Como não foi desenhada a política e nem realizados ainda os estudos pelo Governo Federal, não há uma definição de quem vai pagar essa conta. Mas pesquisas anteriores e a experiência de outros países apontam alguns dos caminhos a serem percorridos. É importante lembrar que parte dos passageiros do sistema atual já não pagam as tarifas praticadas. Bernardo Braga afirma, a partir de dados de setembro de 2025, que 52% dos passageiros transportados nos ônibus da RMR contaram com gratuidade total ou parcial.
Além disso, outros 32% foram beneficiados pelo vale-transporte, mecanismo em que a empresa custeia o deslocamento e o trabalhador contribui com até 6% do salário. “Assim, apenas 16% dos passageiros pagaram integralmente a tarifa. Nesse grupo estão os trabalhadores informais e as pessoas desempregadas ou em busca de emprego que, somadas àquelas que não utilizaram o transporte por restrições financeiras, poderiam receber atenção especial no custeio de seus deslocamentos”.
Para Roberto Andrés, nas cidades grandes é essencial contar com uma fonte externa de financiamento. Ele aponta que “o modelo mais promissor colocado hoje é reformar a contribuição das empresas, porque é um gasto que já existe, então não é um imposto novo e também não disputa recursos do orçamento”.
O urbanista conta que as empresas já pagam vale-transporte, mas considera que essa política é mal desenhada e mal distribuída, com arrecadação relativamente pequena perto do potencial. “Quando zera a tarifa, o vale-transporte também zera, e o município pode criar uma taxa que cobre todas as empresas para financiar o transporte. Isso permite triplicar a arrecadação sem aumentar o valor por empregado e com contribuição de todos os empregadores do município.” O especialista reforça que esse modelo aproveita recursos já existentes, tornando o financiamento mais justo e eficiente.

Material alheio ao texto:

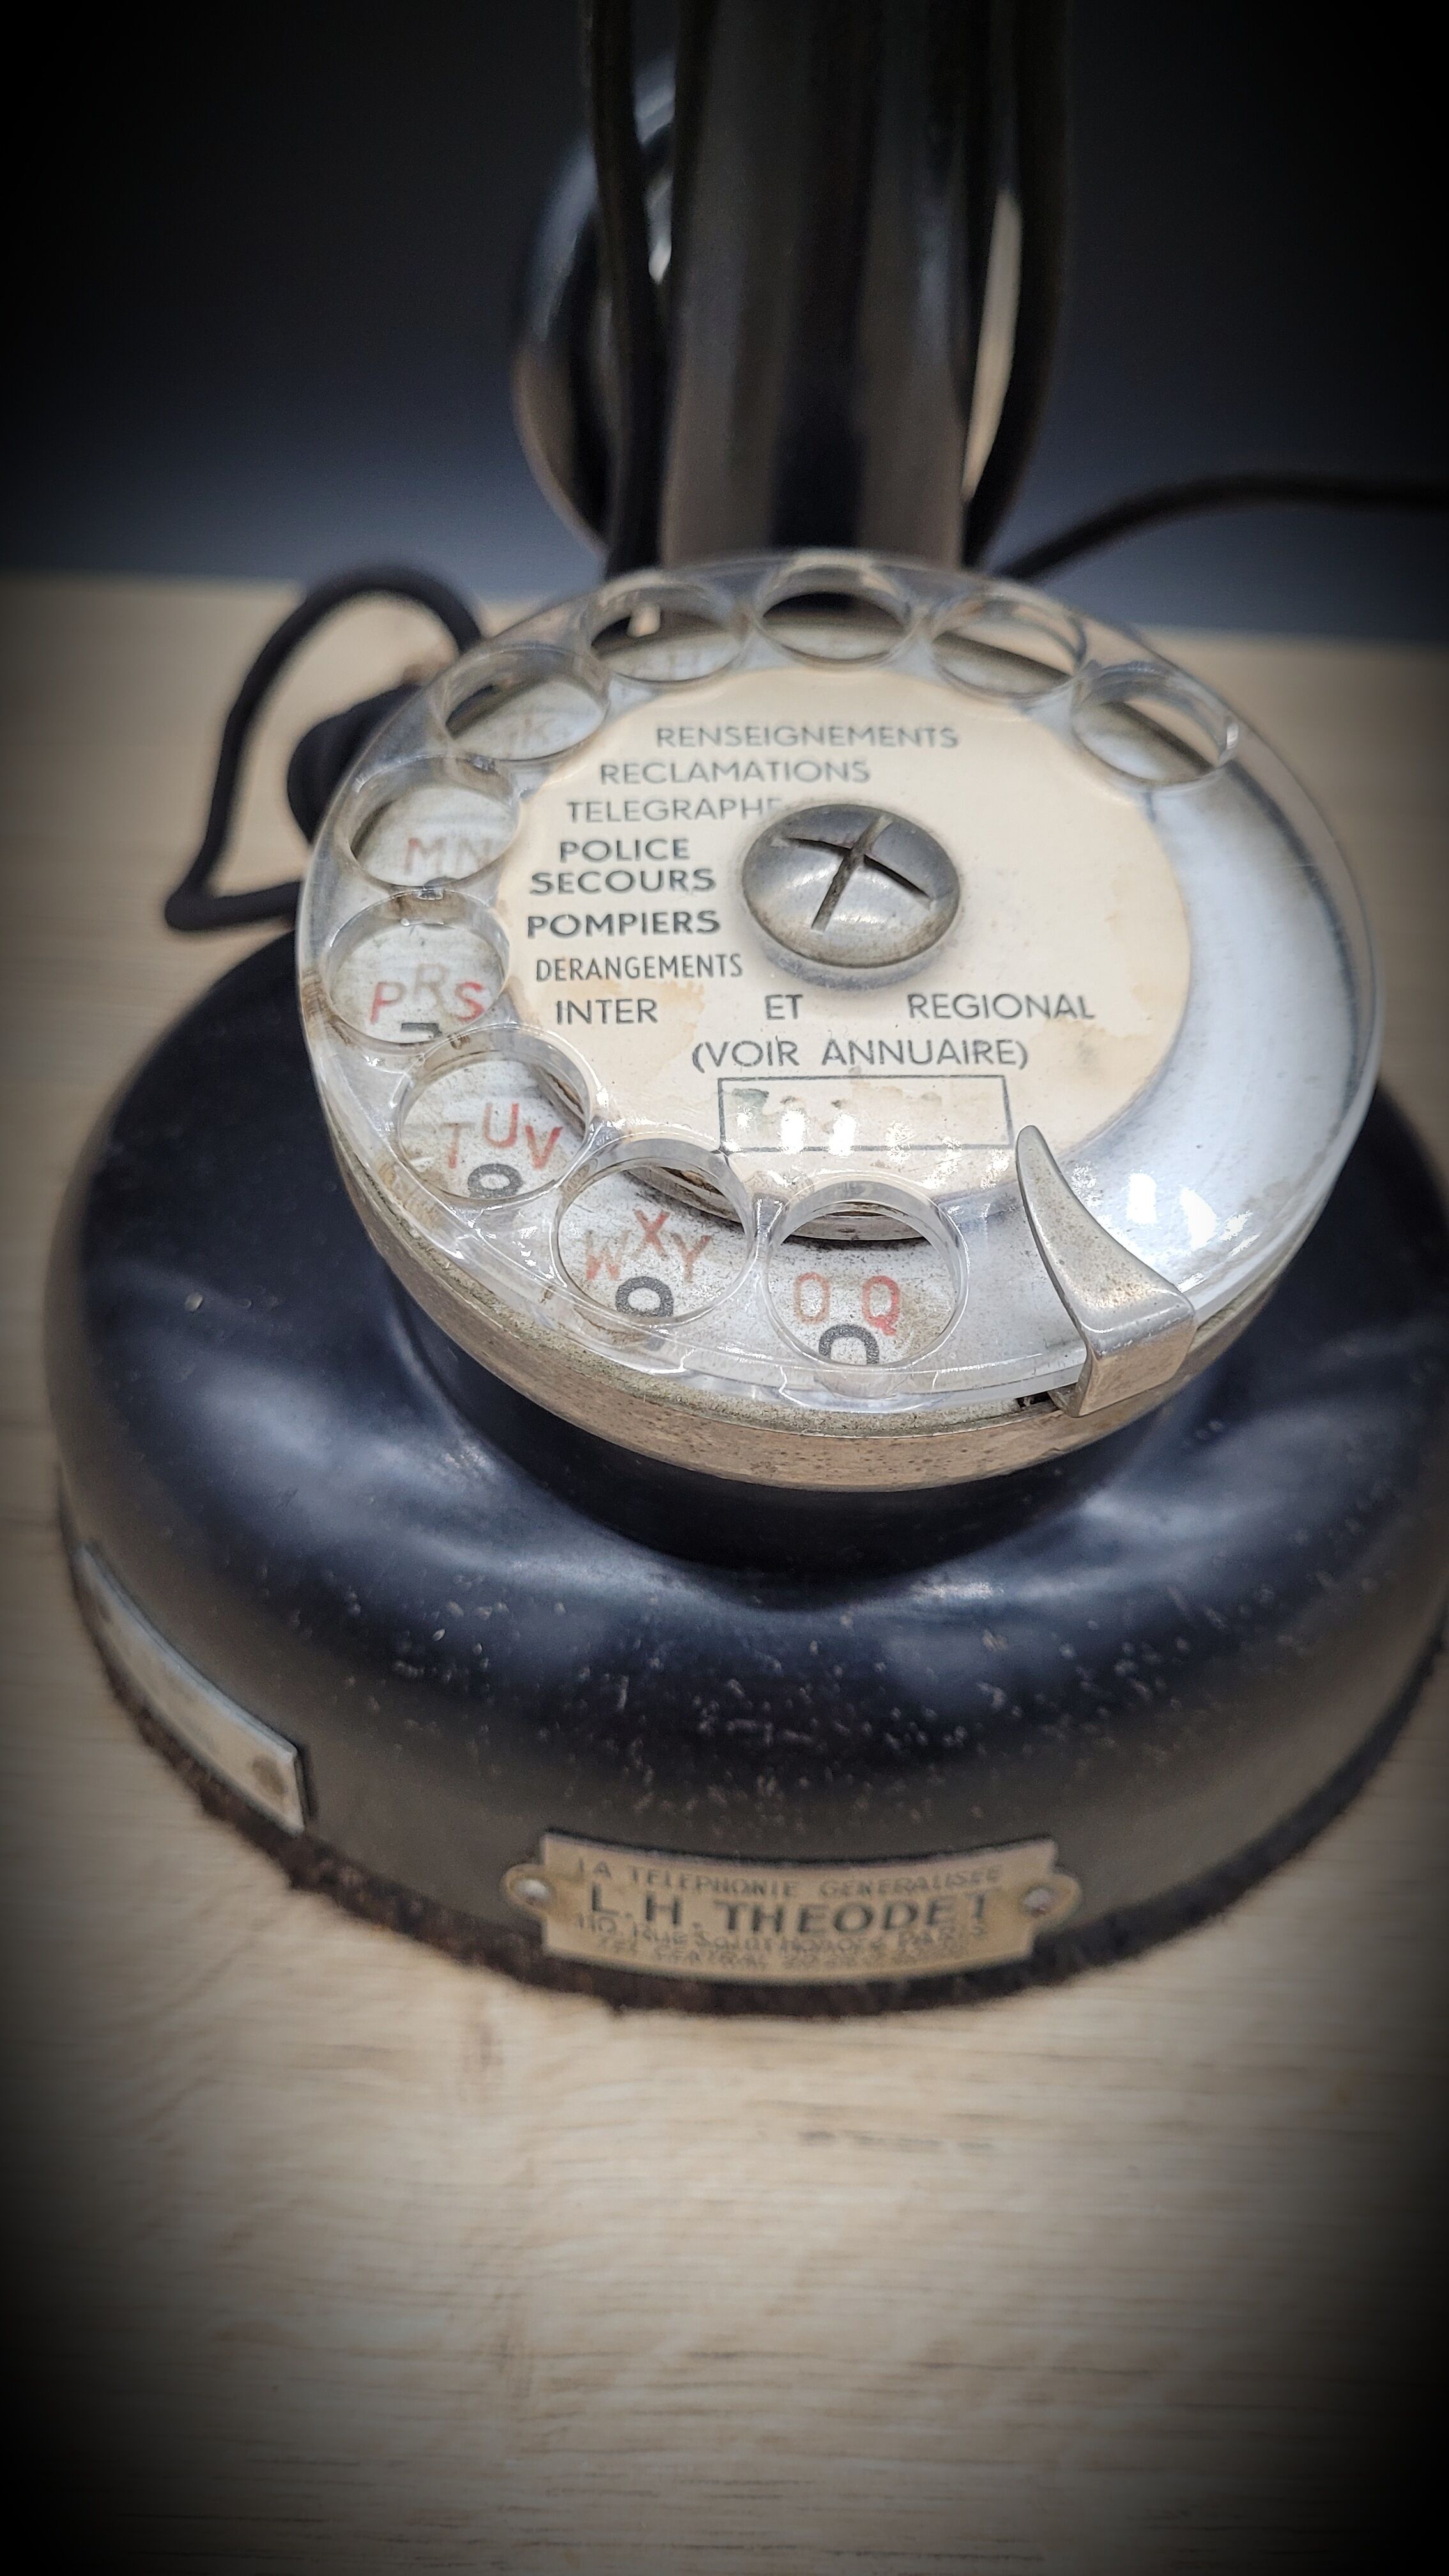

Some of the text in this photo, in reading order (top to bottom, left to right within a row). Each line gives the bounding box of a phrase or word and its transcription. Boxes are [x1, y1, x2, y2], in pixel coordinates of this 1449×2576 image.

[656, 725, 958, 748] RENSEIGNEMENTS
[599, 760, 870, 785] RECLAMATIONS
[560, 838, 690, 862] POLICE
[530, 869, 716, 895] SECOURS
[528, 910, 720, 938] POMPIERS
[535, 953, 743, 982] DERANGEMENTS
[556, 993, 1096, 1024] INTER ET REGIONAL
[691, 1039, 1029, 1072] (VOIR ANNUAIRE)

No levantamento feito pela NTU entre as 25 maiores cidades que adotaram a Tarifa Zero, a maioria (19) financia o sistema diretamente com recursos do orçamento municipal, enquanto outras criaram fundos específicos ou contam com receitas extratarifárias. Maricá, por exemplo, utiliza royalties do petróleo para manter o transporte gratuito, transformando uma fonte de externalidades negativas em benefício social. Outras cidades exploram alternativas criativas, como Vargem Grande (SP), que sustenta o sistema com taxas de empresas, multas de trânsito, exploração comercial de terminais e publicidade em abrigos, além de considerar a taxação de impactos do transporte individual motorizado.
O debate sobre a Tarifa Zero, que por muitos anos pareceu preso no sinal vermelho, agora ganha fôlego diante de uma conjuntura política mais favorável e de uma crise crescente no transporte público coletivo urbano. Analisar cuidadosamente as experiências já implementadas e construir coletivamente soluções de financiamento para um modelo mais eficiente do que o atual, de ônibus e metrôs, pode trazer alívio para os passageiros e gerar impactos significativos na atividade econômica das cidades que conseguirem implementá-lo.